§ Task goal
Repeat the entries exactly, and do not carry the pictures over.

§ Data for analysis
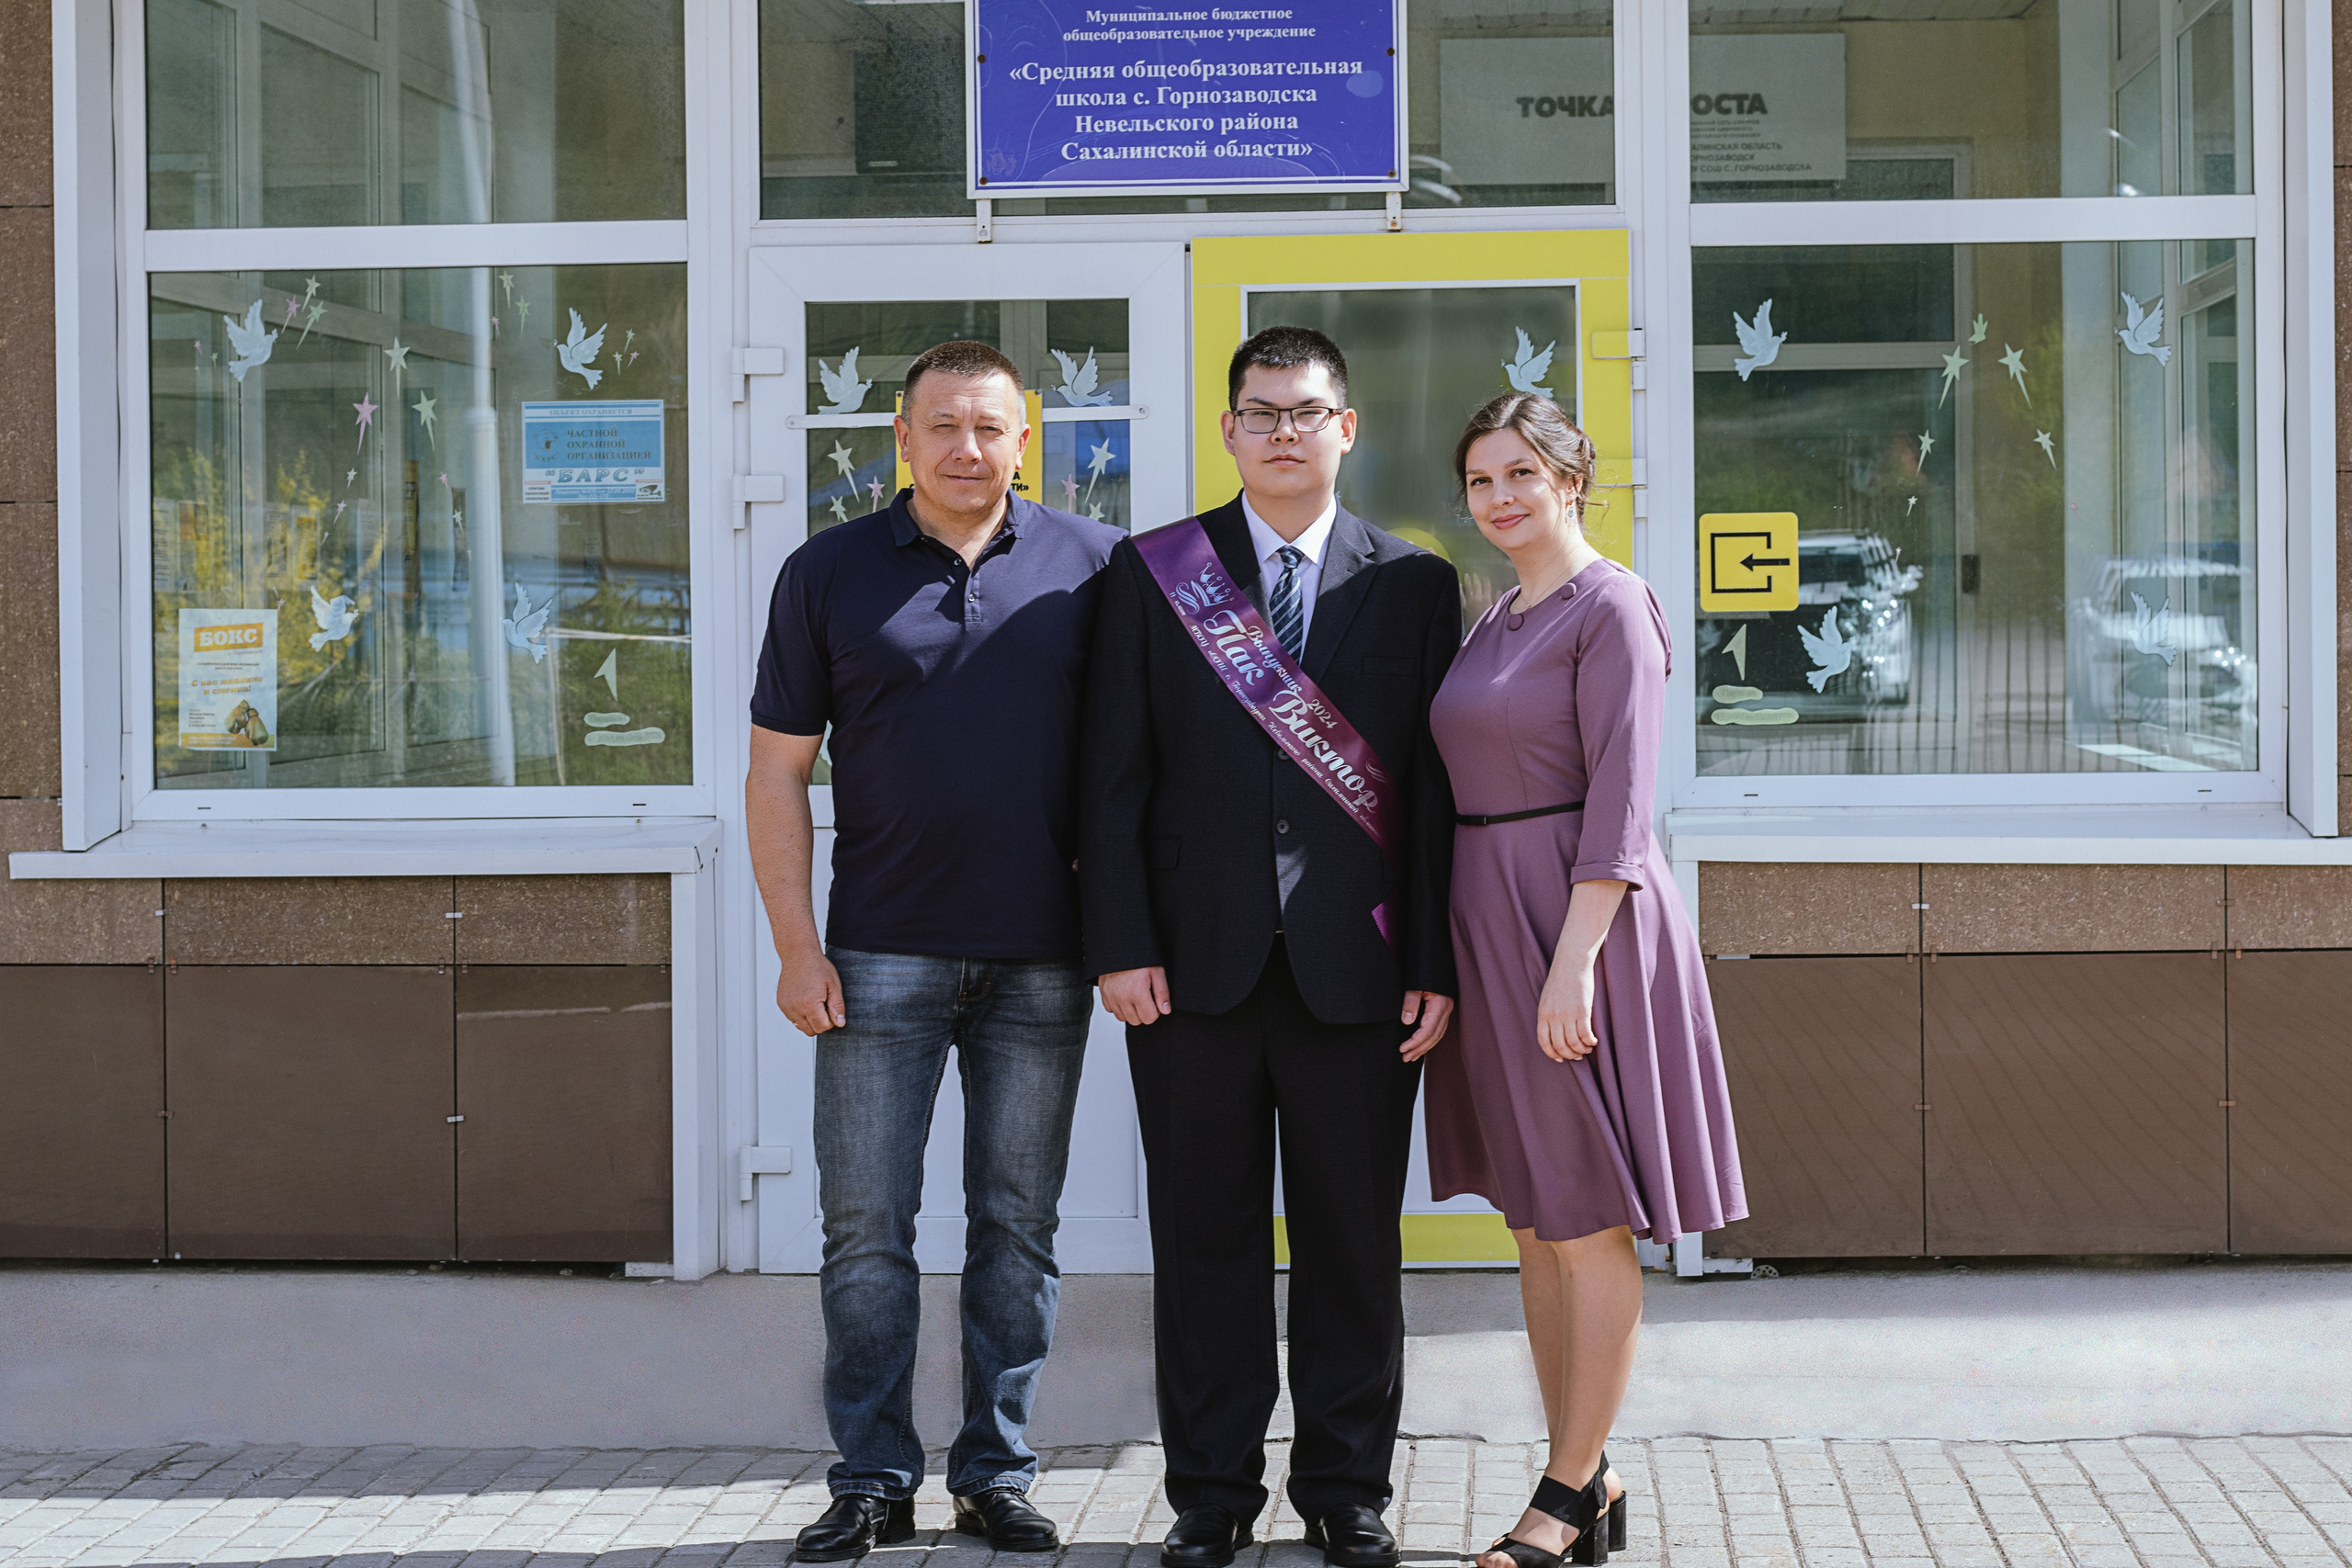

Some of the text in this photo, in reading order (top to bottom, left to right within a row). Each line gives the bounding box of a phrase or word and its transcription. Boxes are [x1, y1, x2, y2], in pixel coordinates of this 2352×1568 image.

[1086, 7, 1293, 24] Муниципальное бюджетное
[1063, 25, 1317, 42] общеобразовательное учреждение
[1010, 59, 1363, 84] «Средняя общеобразовательная
[1056, 86, 1317, 107] школа с. Горнозаводска
[1516, 93, 1768, 118] ТОЧКА ОСТА
[1075, 113, 1298, 135] Невельского района
[1061, 140, 1313, 162] Сахалинской области»
[567, 428, 617, 437] ЧАСТНОЙ
[567, 439, 626, 449] ОХРАННОЙ
[567, 450, 651, 461] ОРГАНИЗАЦИЕЙ
[199, 628, 258, 647] БОКС
[1246, 626, 1338, 728] Выпускник 2024
[1204, 610, 1378, 814] Пак Виктор
[1301, 758, 1323, 778] района
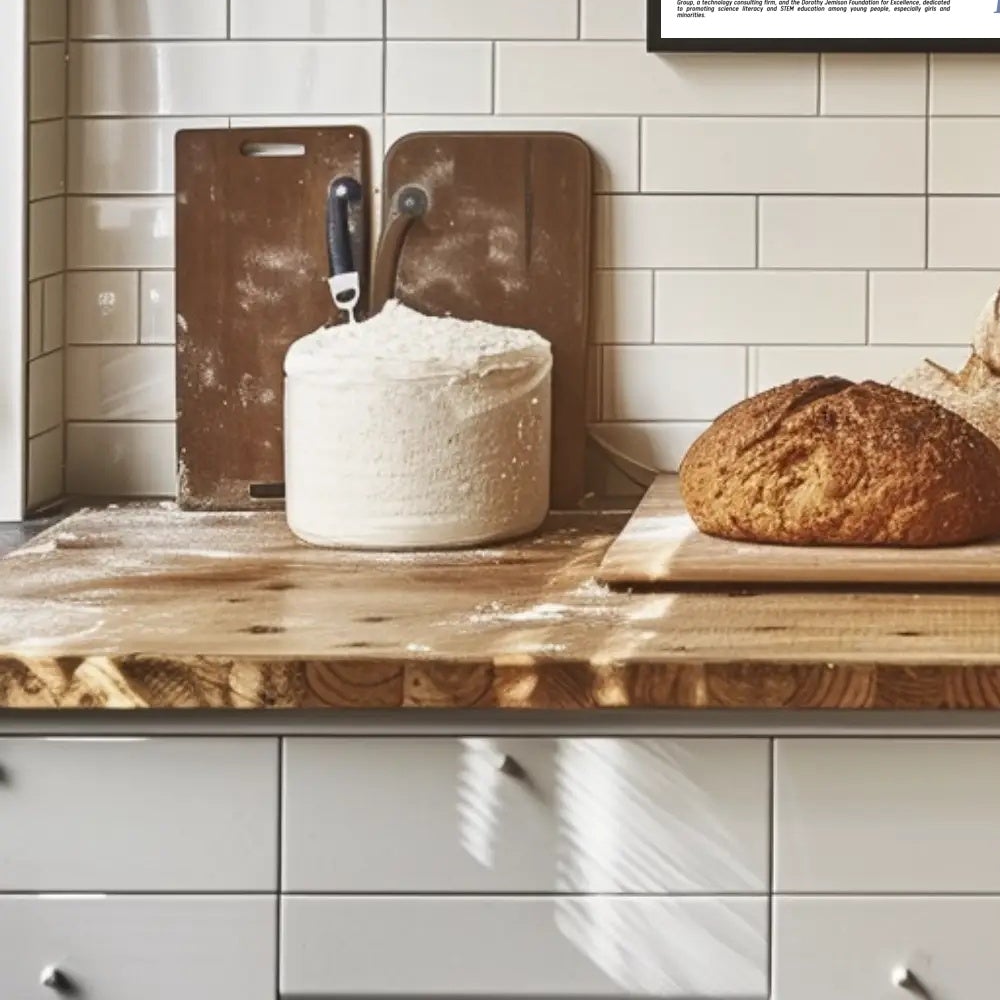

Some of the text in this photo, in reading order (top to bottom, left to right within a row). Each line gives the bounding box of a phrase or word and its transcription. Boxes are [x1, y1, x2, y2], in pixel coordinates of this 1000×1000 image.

[701, 0, 733, 7] technology
[733, 0, 763, 7] consulting
[801, 0, 823, 7] Dorothy
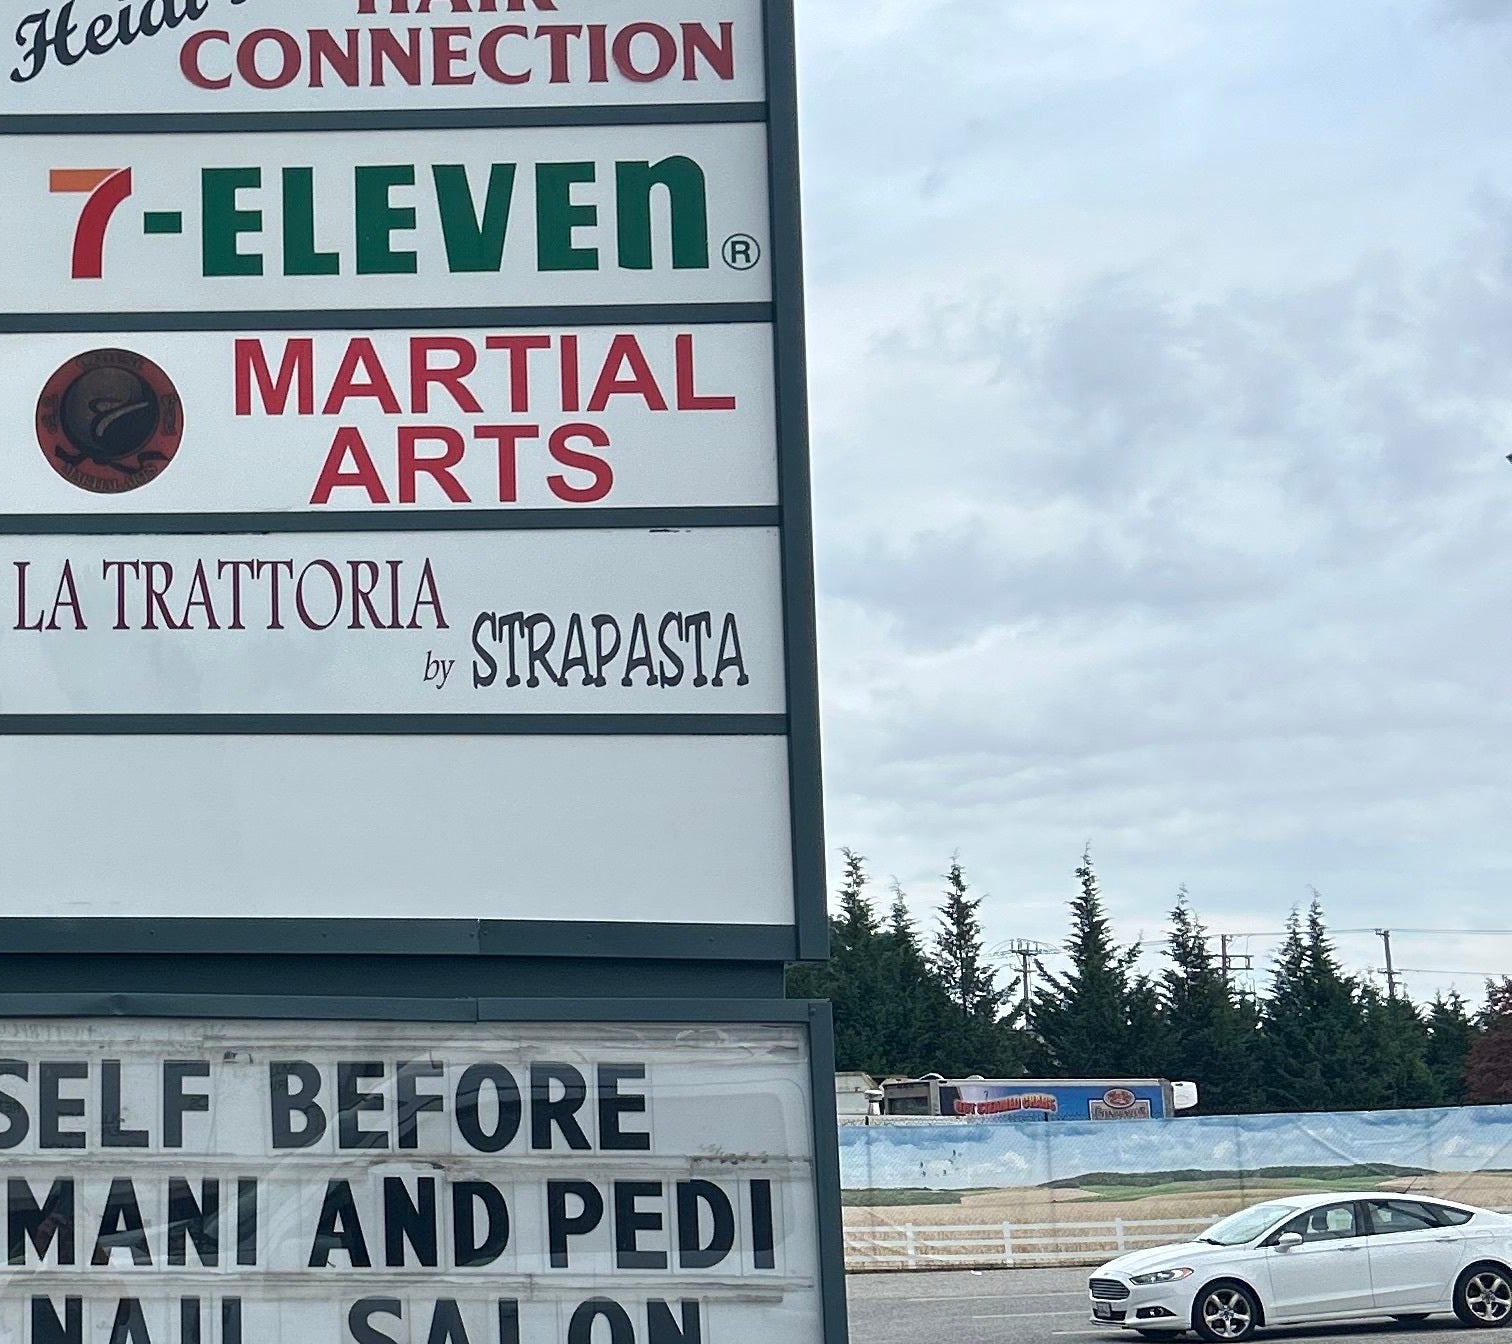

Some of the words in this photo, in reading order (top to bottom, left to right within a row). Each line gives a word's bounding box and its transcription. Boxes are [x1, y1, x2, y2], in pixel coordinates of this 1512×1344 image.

[179, 22, 734, 90] CONNECTION
[235, 334, 736, 415] MARTIAL
[309, 423, 613, 504] ARTS
[13, 559, 88, 632] LA
[103, 558, 449, 630] TRATTORIA
[423, 651, 455, 689] by
[472, 611, 749, 689] STRAPASTA
[269, 1059, 651, 1152] BEFORE
[6, 1176, 259, 1267] MANI
[307, 1176, 511, 1269] AND
[548, 1177, 775, 1270] PEDI

§ Solution for this exercise
Some of the text in this photo, in reading order (top to bottom, left to right within a row). Each line gives the bounding box of a phrase or word and its transcription. Boxes are [x1, y1, x2, y2], in pixel coordinates of this 2352×1568 image.

[1086, 7, 1293, 24] Муниципальное бюджетное
[1063, 25, 1317, 42] общеобразовательное учреждение
[1010, 59, 1363, 84] «Средняя общеобразовательная
[1056, 86, 1317, 107] школа с. Горнозаводска
[1516, 93, 1768, 118] ТОЧКА ОСТА
[1075, 113, 1298, 135] Невельского района
[1061, 140, 1313, 162] Сахалинской области»
[567, 428, 617, 437] ЧАСТНОЙ
[567, 439, 626, 449] ОХРАННОЙ
[567, 450, 651, 461] ОРГАНИЗАЦИЕЙ
[199, 628, 258, 647] БОКС
[1246, 626, 1338, 728] Выпускник 2024
[1204, 610, 1378, 814] Пак Виктор
[1301, 758, 1323, 778] района

Some of the text in this photo, in reading order (top to bottom, left to right within a row). Each line gives the bounding box of a phrase or word and its transcription. Boxes are [x1, y1, x2, y2], in pixel coordinates of this 1000×1000 image.

[701, 0, 733, 7] technology
[733, 0, 763, 7] consulting
[801, 0, 823, 7] Dorothy

Some of the words in this photo, in reading order (top to bottom, left to right within a row). Each line gives a word's bounding box and its transcription. Boxes are [x1, y1, x2, y2], in pixel coordinates of this 1512×1344 image.

[179, 22, 734, 90] CONNECTION
[235, 334, 736, 415] MARTIAL
[309, 423, 613, 504] ARTS
[13, 559, 88, 632] LA
[103, 558, 449, 630] TRATTORIA
[423, 651, 455, 689] by
[472, 611, 749, 689] STRAPASTA
[269, 1059, 651, 1152] BEFORE
[6, 1176, 259, 1267] MANI
[307, 1176, 511, 1269] AND
[548, 1177, 775, 1270] PEDI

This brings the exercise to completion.